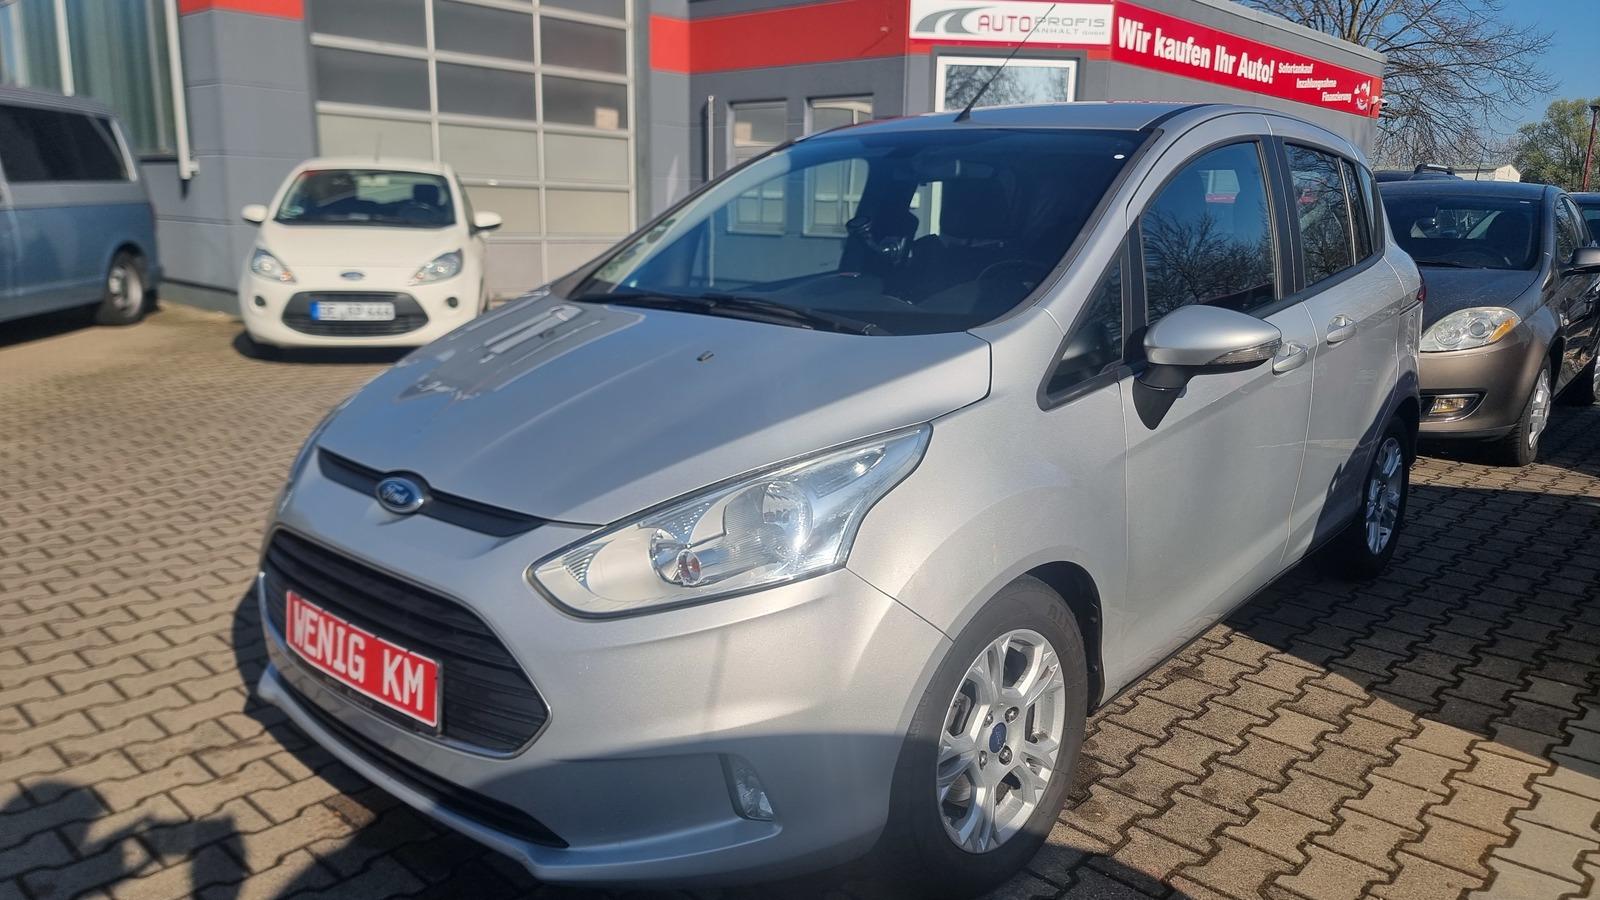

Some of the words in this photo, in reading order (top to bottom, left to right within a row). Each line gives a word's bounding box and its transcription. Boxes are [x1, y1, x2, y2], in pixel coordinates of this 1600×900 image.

[1118, 16, 1152, 53] Wir
[1154, 27, 1212, 69] kaufen
[1213, 44, 1236, 75] Ihr
[1237, 51, 1275, 85] Auto!
[293, 600, 365, 684] WENIG
[383, 648, 424, 711] KM

Problem requirements:
Repeat the records above verbatim. Include none of the pictures.

Result:
Some of the words in this photo, in reading order (top to bottom, left to right within a row). Each line gives a word's bounding box and its transcription. Boxes are [x1, y1, x2, y2], in pixel coordinates of this 1600×900 image.

[1118, 16, 1152, 53] Wir
[1154, 27, 1212, 69] kaufen
[1213, 44, 1236, 75] Ihr
[1237, 51, 1275, 85] Auto!
[293, 600, 365, 684] WENIG
[383, 648, 424, 711] KM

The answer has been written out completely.